## [WHAT IS NEEDED]
Could you return all of the records exactly, minus their images?

## [GIVEN RECORDS]
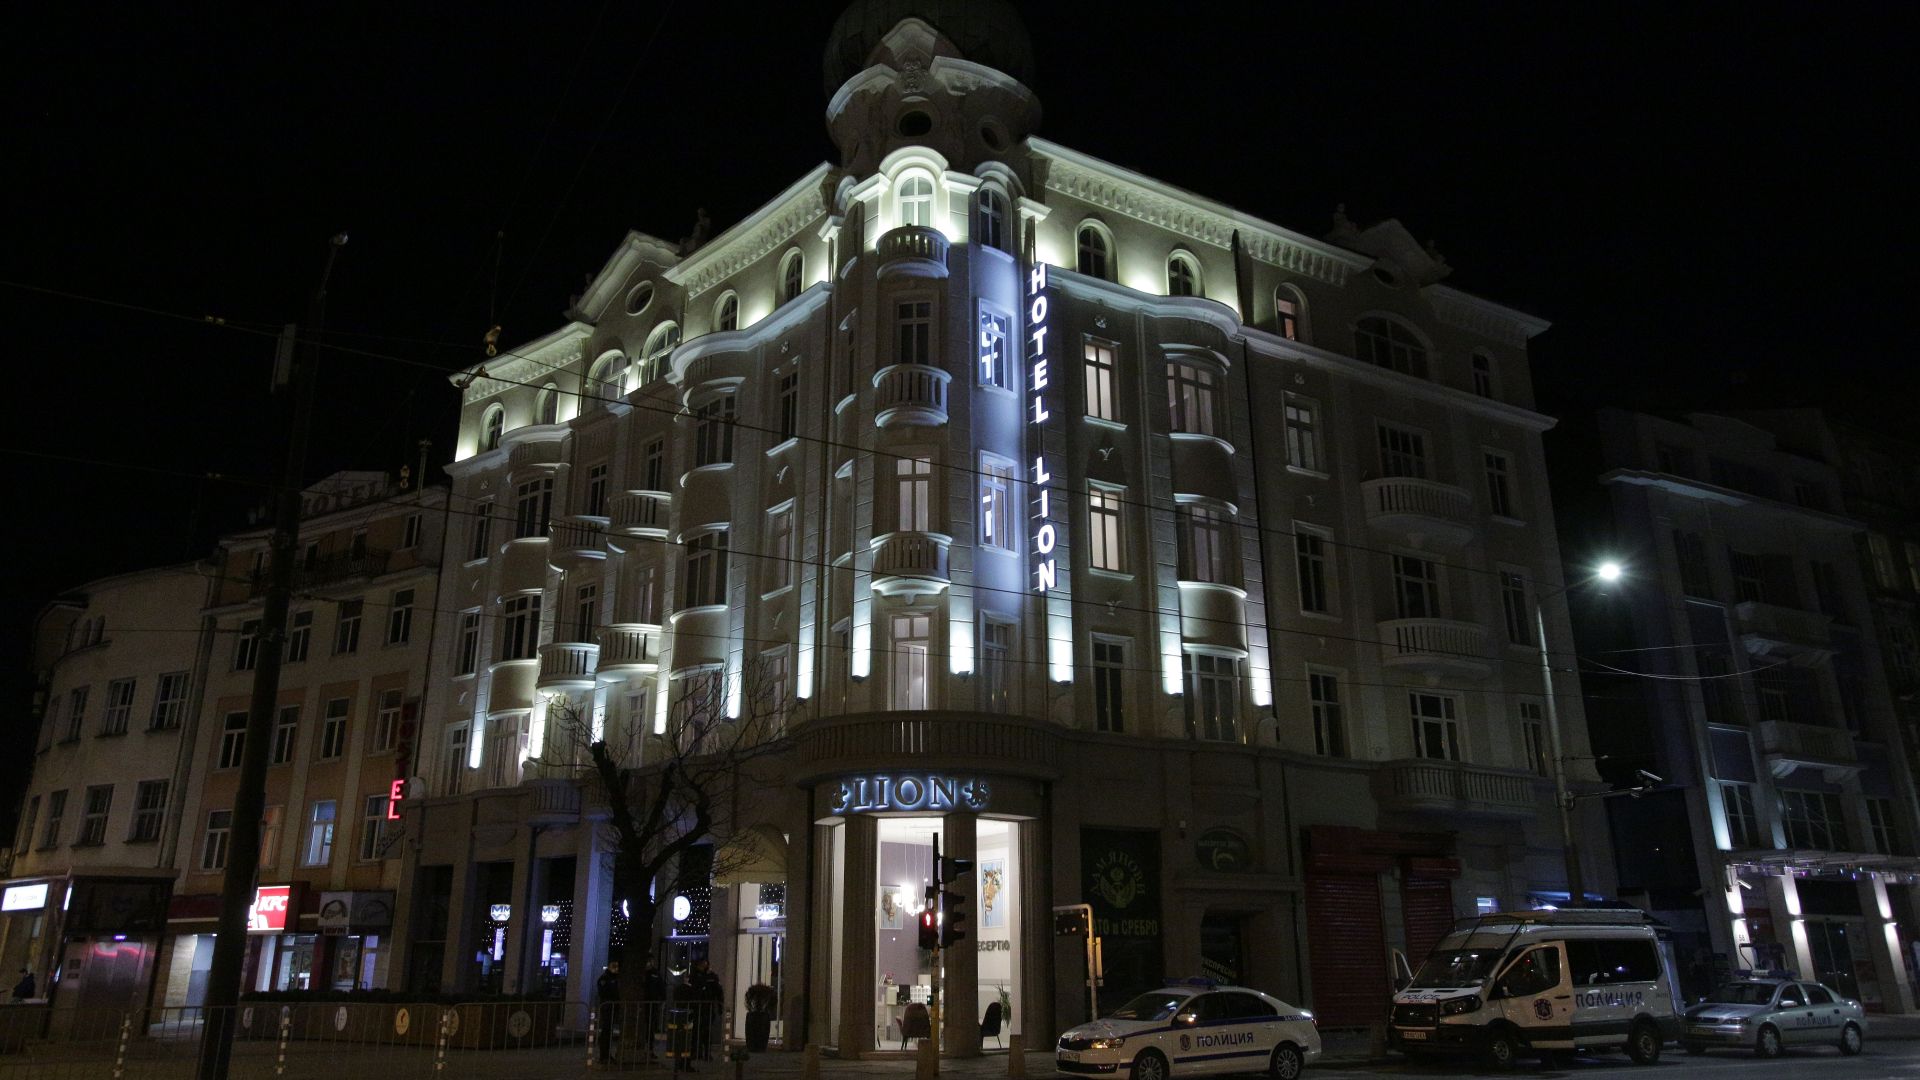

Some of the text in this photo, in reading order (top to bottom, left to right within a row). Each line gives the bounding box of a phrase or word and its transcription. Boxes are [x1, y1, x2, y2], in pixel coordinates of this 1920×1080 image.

[1031, 262, 1049, 424] HOTEL
[1036, 456, 1056, 592] LION
[853, 777, 957, 810] LION
[257, 895, 290, 911] KFC
[977, 940, 1010, 951] ECEPTIO
[1576, 992, 1642, 1008] ПОЛИЦИЯ
[1196, 1032, 1254, 1048] ПОЛИЦИЯ
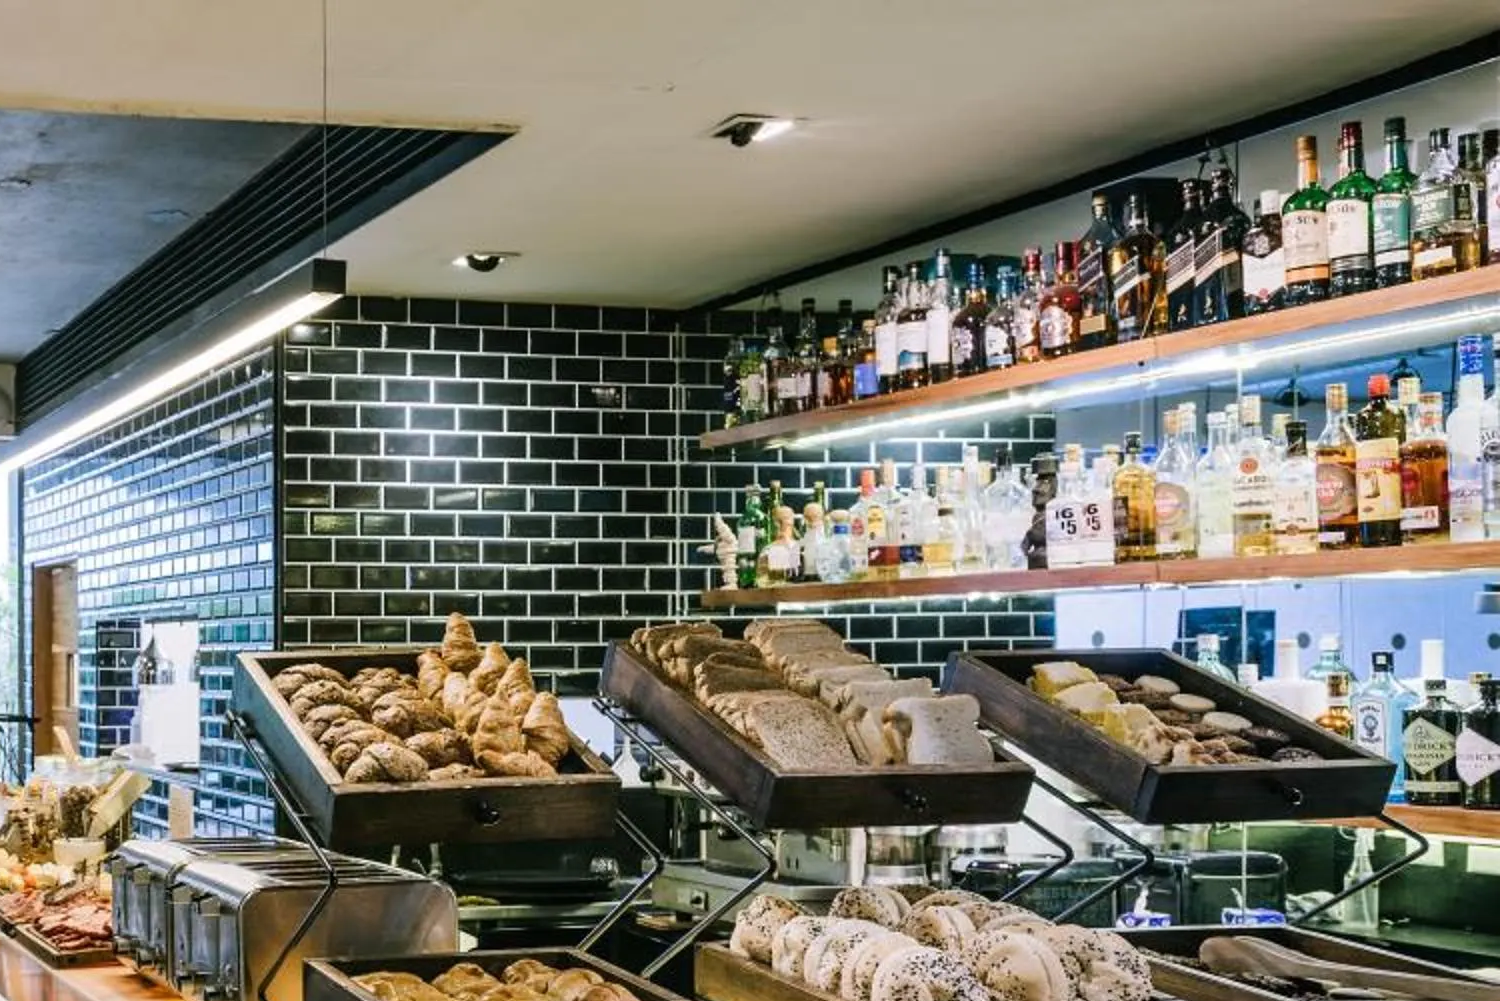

## [RESULT OF THIS TASK]
Some of the text in this photo, in reading order (top to bottom, left to right within a row). Each line gives the bounding box of a phrase or word and its transcription. Boxes are [x1, y1, x2, y2], in pixel coordinates of this 1920×1080 image.

[1031, 262, 1049, 424] HOTEL
[1036, 456, 1056, 592] LION
[853, 777, 957, 810] LION
[257, 895, 290, 911] KFC
[977, 940, 1010, 951] ECEPTIO
[1576, 992, 1642, 1008] ПОЛИЦИЯ
[1196, 1032, 1254, 1048] ПОЛИЦИЯ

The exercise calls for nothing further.